MATERIAL PROVIDED:
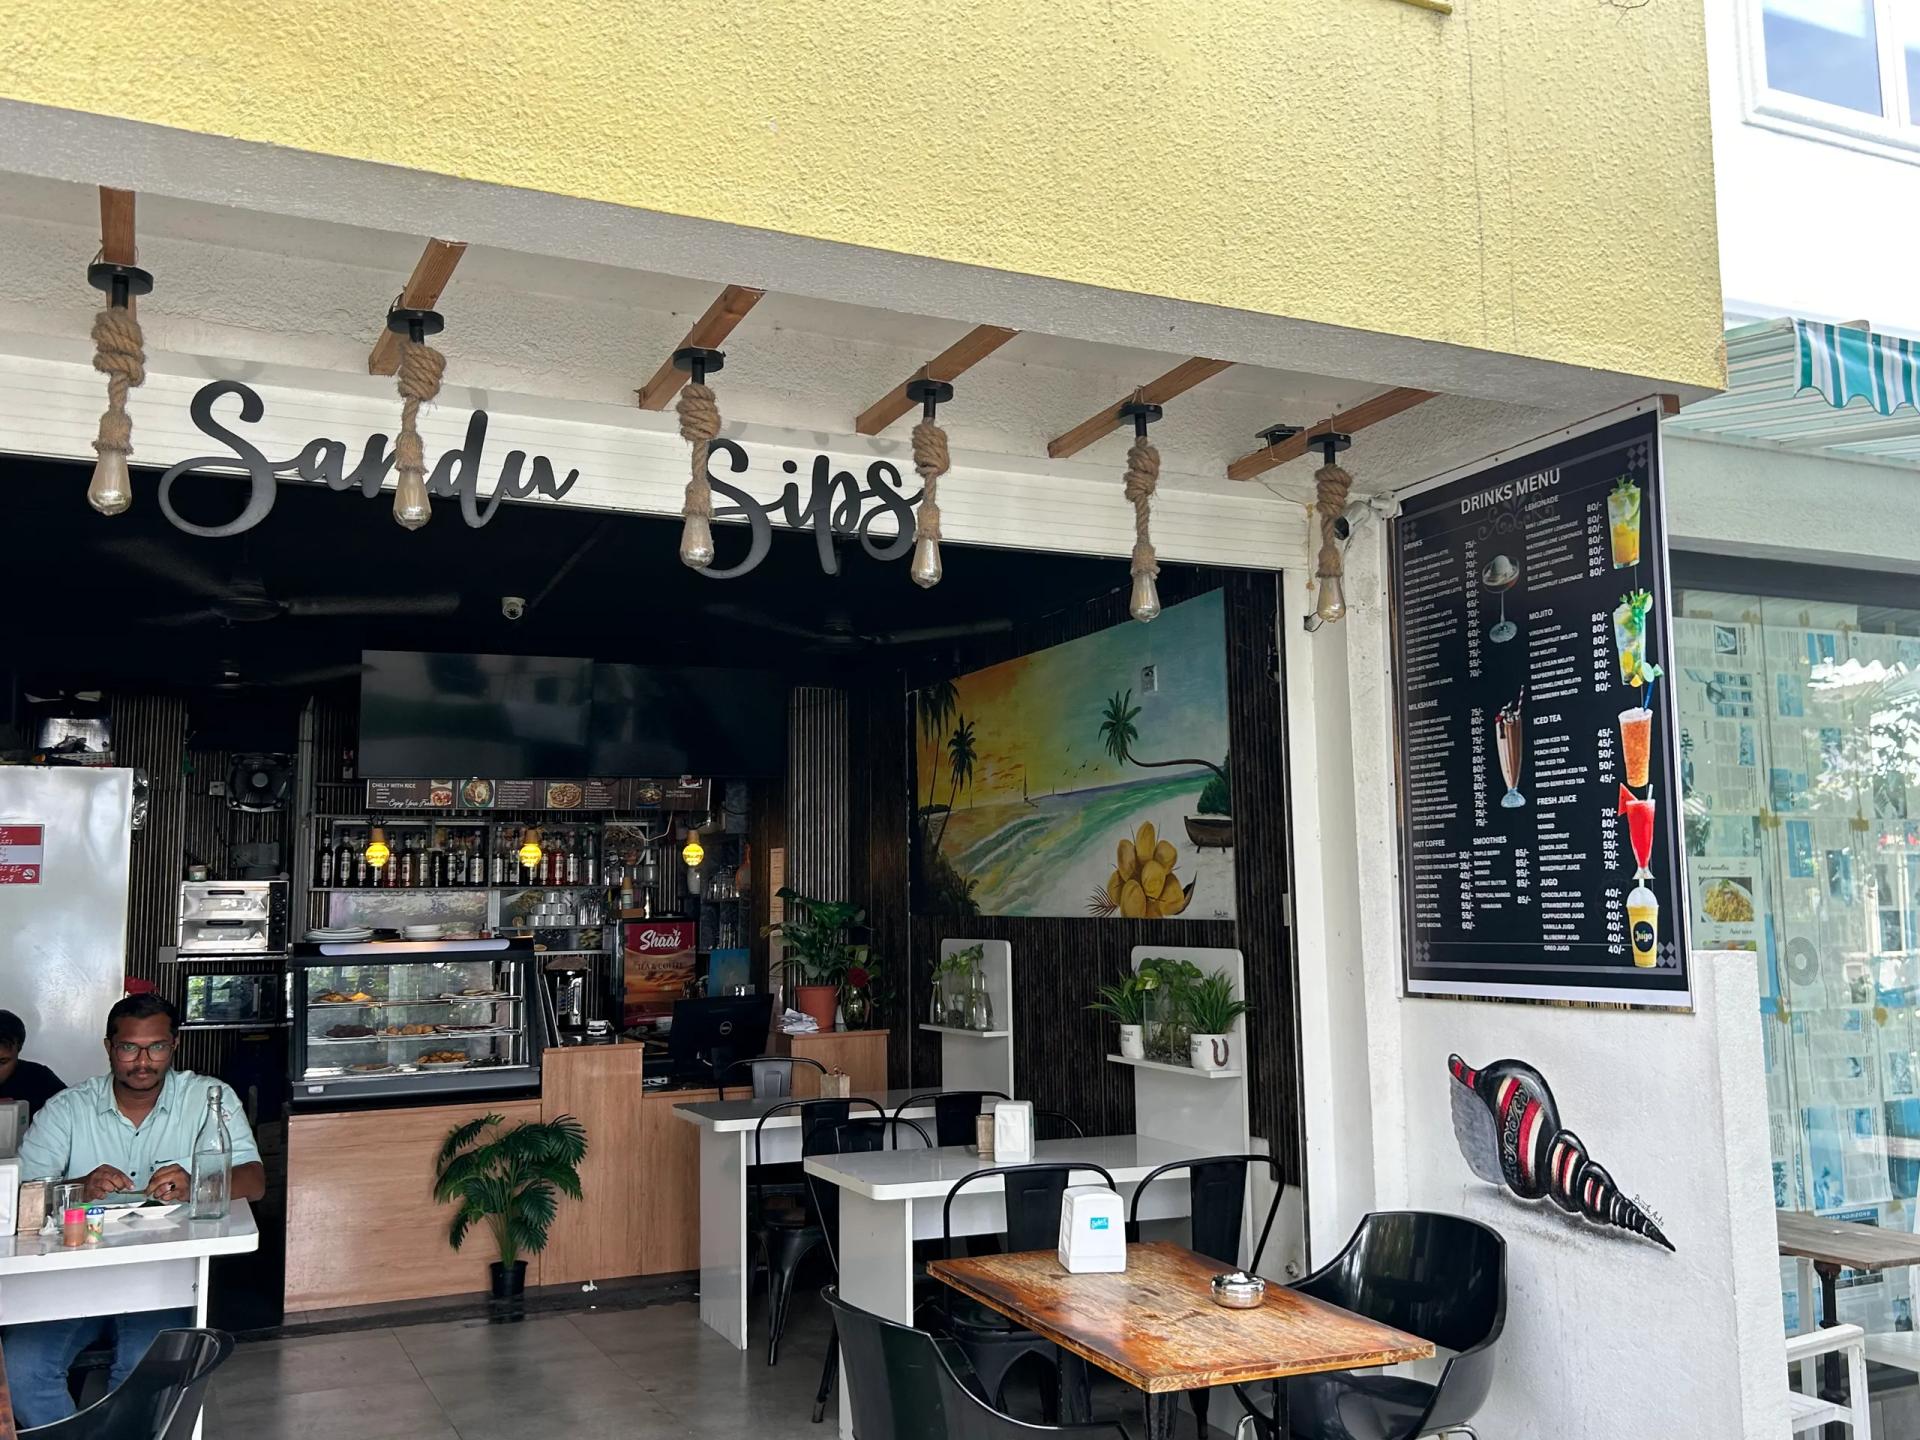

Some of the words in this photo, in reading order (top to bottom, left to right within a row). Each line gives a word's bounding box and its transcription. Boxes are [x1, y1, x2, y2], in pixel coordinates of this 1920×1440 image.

[158, 380, 579, 537] Sandu
[696, 438, 924, 579] Sips
[1461, 485, 1513, 515] DRINKS
[1516, 468, 1561, 497] MENU
[1525, 494, 1559, 512] LEMONADE
[1586, 501, 1602, 514] 80/-
[1587, 514, 1603, 525] 80/-
[1587, 524, 1604, 536] 80/-
[1404, 539, 1423, 551] DRINKS
[1588, 534, 1604, 546] 80/-
[1588, 545, 1604, 557] 80/-
[1588, 556, 1605, 567] 80/-
[1589, 567, 1606, 578] 80/-
[1529, 608, 1553, 620] MOJITO
[1591, 612, 1608, 623] 80/-
[1592, 623, 1609, 634] 80/-
[1592, 635, 1609, 646] 80/-
[1593, 648, 1610, 658] 80/-
[1594, 659, 1610, 670] 80/-
[1594, 671, 1611, 682] 80/-
[1594, 683, 1612, 693] 80/-
[1408, 699, 1438, 711] MILKSHAKE
[1533, 716, 1548, 725] ICED
[1549, 714, 1562, 723] TEA
[1597, 727, 1614, 739] 45/-
[1598, 738, 1614, 748] 45/-
[1598, 748, 1615, 760] 50/-
[1598, 760, 1615, 771] 50/-
[1599, 773, 1616, 784] 45/-
[1537, 796, 1557, 806] FRESH
[1558, 794, 1577, 804] JUICE
[1601, 807, 1618, 818] 70/-
[1602, 818, 1618, 829] 80/-
[1602, 830, 1619, 840] 70/-
[1425, 839, 1445, 848] COFFEE
[1473, 836, 1507, 845] SMOOTHIES
[1602, 840, 1619, 850] 55/-
[1459, 851, 1472, 860] 30/-
[1515, 848, 1530, 858] 85/-
[1603, 850, 1620, 860] 70/-
[1460, 862, 1472, 870] 35/-
[1516, 858, 1530, 867] 85/-
[1603, 860, 1620, 870] 75/-
[1459, 871, 1473, 880] 40/-
[1516, 869, 1530, 878] 95/-
[1460, 882, 1473, 890] 45/-
[1516, 879, 1530, 888] 85/-
[1540, 878, 1558, 886] JUGO
[1460, 892, 1474, 900] 45/-
[1605, 888, 1622, 898] 40/-
[1517, 896, 1532, 904] 85/-
[1605, 900, 1623, 909] 40/-
[1461, 902, 1474, 910] 55/-
[1461, 911, 1475, 919] 55/-
[1606, 912, 1624, 921] 40/-
[1606, 923, 1624, 931] 40/-
[1607, 934, 1625, 943] 40/-
[1607, 945, 1625, 954] 40/-

WHAT TO WORK ON:
The word "DRINKS" appears in some lines above. Return every one of those lines.

RESULT FOR THIS EXERCISE:
[1461, 485, 1513, 515] DRINKS
[1404, 539, 1423, 551] DRINKS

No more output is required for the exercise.